DUBAI: Hollywood’s top stars hit the Oscars red carpet at the Dolby Theatre on Sunday night, with a handful of attendees dressed in creations by Arab designers while others sported pins calling for a ceasefire amid the ongoing conflict in Gaza.

Canadian “Never Have I Ever” star Maitreyi Ramakeishnan opted for a Spring/Summer 2024 ready-to-wear look by Lebanon’s Zuhair Murad in a monochrome color palette.  Meanwhile, Marvel star Danai Gurira showed off a coral gown from the same collection at the Vanity Fair After-Party, complete with matching semi-sheer opera gloves.




Maitreyi Ramakeishnan opted for a Spring/Summer 2024 ready-to-wear look by Lebanon’s Zuhair Murad. (Getty Images)

Content creator Ashley Yi attended the Academy Awards in an all-white gown by Saudi label Waad Aloqaili boasting a ruffled wraparound which she playfully posed with on the red carpet. For her part, US model Molly Sims chose a pink Georges Chakra dress from the Lebanese designer’s Spring/Summer 2024 Couture line.




Ashley Yi attended the Academy Awards in an all-white gown by Saudi label Waad Aloqaili. (Getty Images)

The event is often a moment for political activism, and this year the conflict in Gaza was not far from the minds of some A-listers on the red carpet.

Several nominees, including Oscar-winning singer-songwriter Billie Eilish and her brother Finneas O’Connell, wore red Artists4Ceasefire pins in support of “an immediate de-escalation and ceasefire in Gaza and Israel.” US Egyptian star Ramy Youssef and US filmmaker Ava DuVernay also wore the red pins while “Anatomy of a Fall” stars Swann Arlaud and Milo Machado-Graner wore pins bearing the Palestinian flag.




Billie Eilish and her brother Finneas O'Connell wore red Artists4Ceasefire pins. (Getty Images)

When it came to fashion, German actress Sandra Hueller, a best actress nominee for “Anatomy of a Fall” and the star of “The Zone of Interest,” was ready for her Oscars close-up in a stunning black Schiaparelli gown with a wide sculptural neckline.

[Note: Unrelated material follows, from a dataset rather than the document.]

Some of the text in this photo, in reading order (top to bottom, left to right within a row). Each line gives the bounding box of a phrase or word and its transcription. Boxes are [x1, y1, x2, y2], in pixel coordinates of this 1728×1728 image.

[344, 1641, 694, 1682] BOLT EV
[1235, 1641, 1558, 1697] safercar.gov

Colman Domingo — a best actor nominee for “Rustin” and one of the definite style stars of this awards season — looked sharp in a double-breasted Louis Vuitton tuxedo with slightly flared trousers, ornate silver buttons and lots of jewelry, including a stunning brooch in his bowtie.

“High School Musical” actress Vanessa Hudgens made a big statement with her black long-sleeved body-con gown — it showcased her baby bump as she announced her pregnancy with baseball player husband Cole Tucker.

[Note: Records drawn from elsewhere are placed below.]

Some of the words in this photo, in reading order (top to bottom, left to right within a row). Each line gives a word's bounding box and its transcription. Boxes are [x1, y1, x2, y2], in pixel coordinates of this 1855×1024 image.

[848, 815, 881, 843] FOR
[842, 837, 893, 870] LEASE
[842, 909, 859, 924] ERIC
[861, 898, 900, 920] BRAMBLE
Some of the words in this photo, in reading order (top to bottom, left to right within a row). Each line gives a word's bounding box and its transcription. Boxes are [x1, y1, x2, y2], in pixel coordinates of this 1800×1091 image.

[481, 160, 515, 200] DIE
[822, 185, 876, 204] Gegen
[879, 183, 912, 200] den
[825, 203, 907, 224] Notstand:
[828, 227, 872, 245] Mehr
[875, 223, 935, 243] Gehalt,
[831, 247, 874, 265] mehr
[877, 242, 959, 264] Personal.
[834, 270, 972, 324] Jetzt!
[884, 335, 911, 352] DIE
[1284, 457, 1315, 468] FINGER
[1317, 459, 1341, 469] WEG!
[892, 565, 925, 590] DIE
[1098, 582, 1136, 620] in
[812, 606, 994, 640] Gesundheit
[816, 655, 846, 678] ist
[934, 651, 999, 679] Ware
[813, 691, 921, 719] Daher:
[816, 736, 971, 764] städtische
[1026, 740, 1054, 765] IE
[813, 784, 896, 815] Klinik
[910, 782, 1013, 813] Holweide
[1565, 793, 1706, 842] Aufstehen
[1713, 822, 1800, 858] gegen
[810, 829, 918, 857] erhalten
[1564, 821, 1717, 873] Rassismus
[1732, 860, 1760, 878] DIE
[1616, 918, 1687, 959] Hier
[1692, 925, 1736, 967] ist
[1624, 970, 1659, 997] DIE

Vanessa Hudgens made a big statement with her black long-sleeved body-con gown. (Getty Images)

Meanwhile, Dubai-based US movie star Lindsay Lohan made a strong comeback to the Vanity Fair Oscar Party, along with her Kuwaiti husband Bader Shammas. The “mean Girls’ star wore a shimmering Balenciaga gown to mark her first appearance at the party since 2006.




Dubai-based US movie star Lindsay Lohan made a strong comeback to the Vanity Fair Oscar Party, along with her Kuwaiti husband Bader Shammas. (Getty Images)

One of the best ways to ensure attention on the Oscars red carpet is to dress a bit like the golden statuette — metallics are a timeless sure bet.

Anya Taylor-Joy, who presented an award, took that to heart and stunned in a silvery strapless Dior gown with plenty of sequins and sparkle.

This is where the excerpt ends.